[EXERCISE OBJECTIVE]: Please give a word-for-word repeat of the line containing "this 1600×1066 image." and all lines that come after it in the entries below, ending at the last line.

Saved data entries
☆ ☆ ☆ ☆ ☆ ☆ ☆

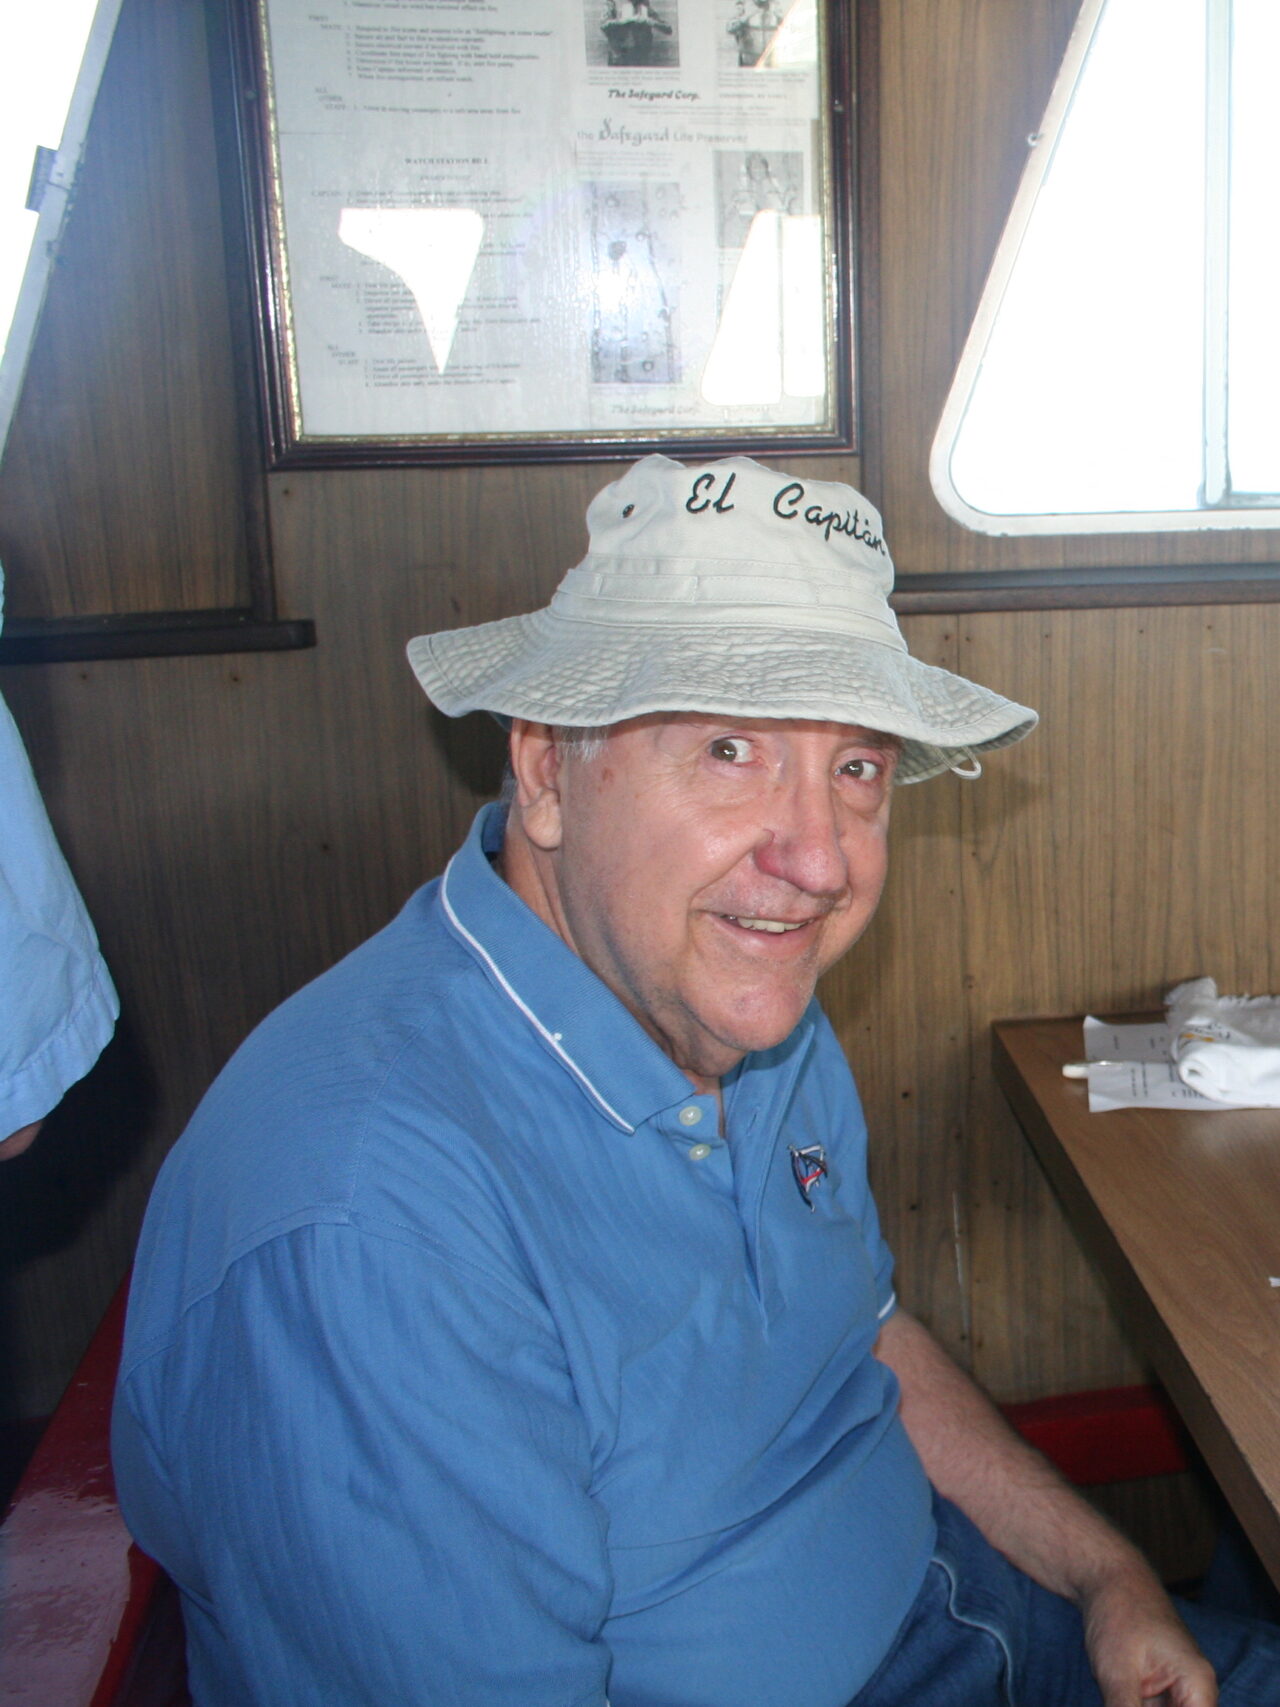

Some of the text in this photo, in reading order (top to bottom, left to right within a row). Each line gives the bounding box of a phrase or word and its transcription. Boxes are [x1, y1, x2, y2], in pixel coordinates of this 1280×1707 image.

[607, 89, 701, 101] The Safegard Corp.
[577, 129, 594, 140] the
[598, 117, 669, 146] Safegard
[685, 472, 736, 515] El
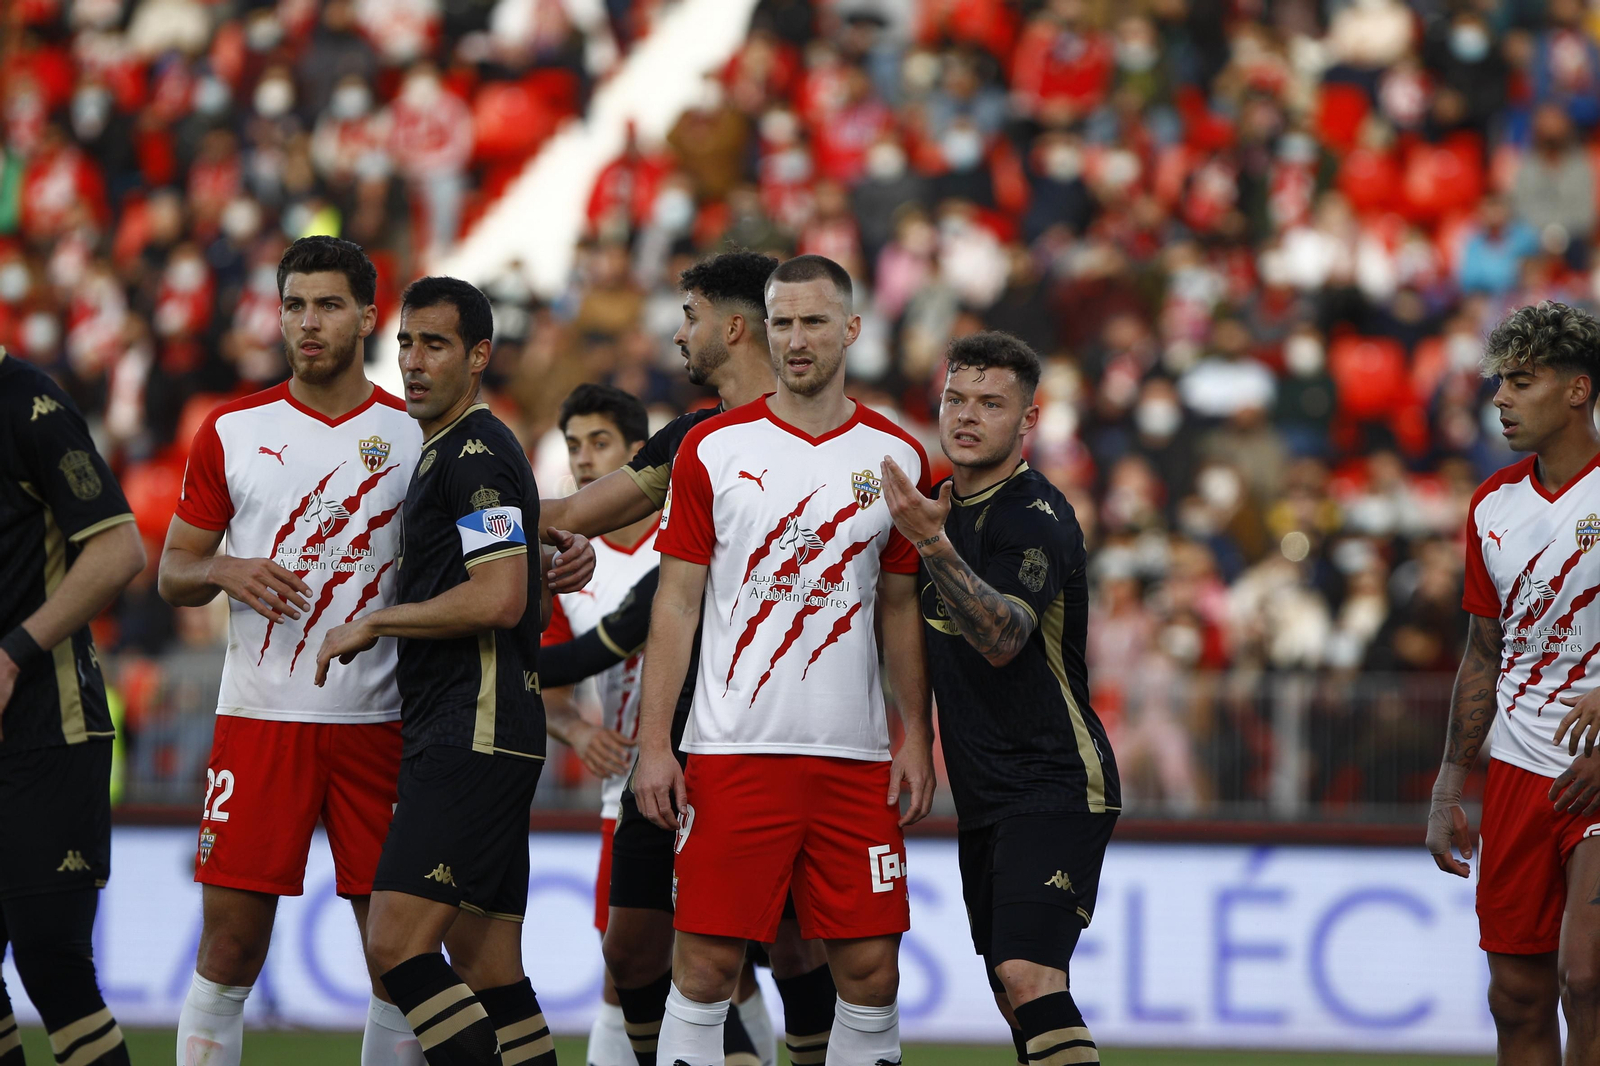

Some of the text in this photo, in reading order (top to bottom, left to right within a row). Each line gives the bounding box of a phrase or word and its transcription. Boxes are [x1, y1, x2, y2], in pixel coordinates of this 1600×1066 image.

[279, 559, 376, 573] Arabian Centres
[749, 587, 848, 609] Arabian Centres
[1541, 640, 1582, 653] Centres
[673, 803, 696, 855] 9

☆ ☆ ☆ ☆ ☆ ☆ ☆

[SOLUTION TO THIS PROBLEM]:
Some of the text in this photo, in reading order (top to bottom, left to right within a row). Each line gives the bounding box of a phrase or word and its transcription. Boxes are [x1, y1, x2, y2], in pixel coordinates of this 1600×1066 image.

[279, 559, 376, 573] Arabian Centres
[749, 587, 848, 609] Arabian Centres
[1541, 640, 1582, 653] Centres
[673, 803, 696, 855] 9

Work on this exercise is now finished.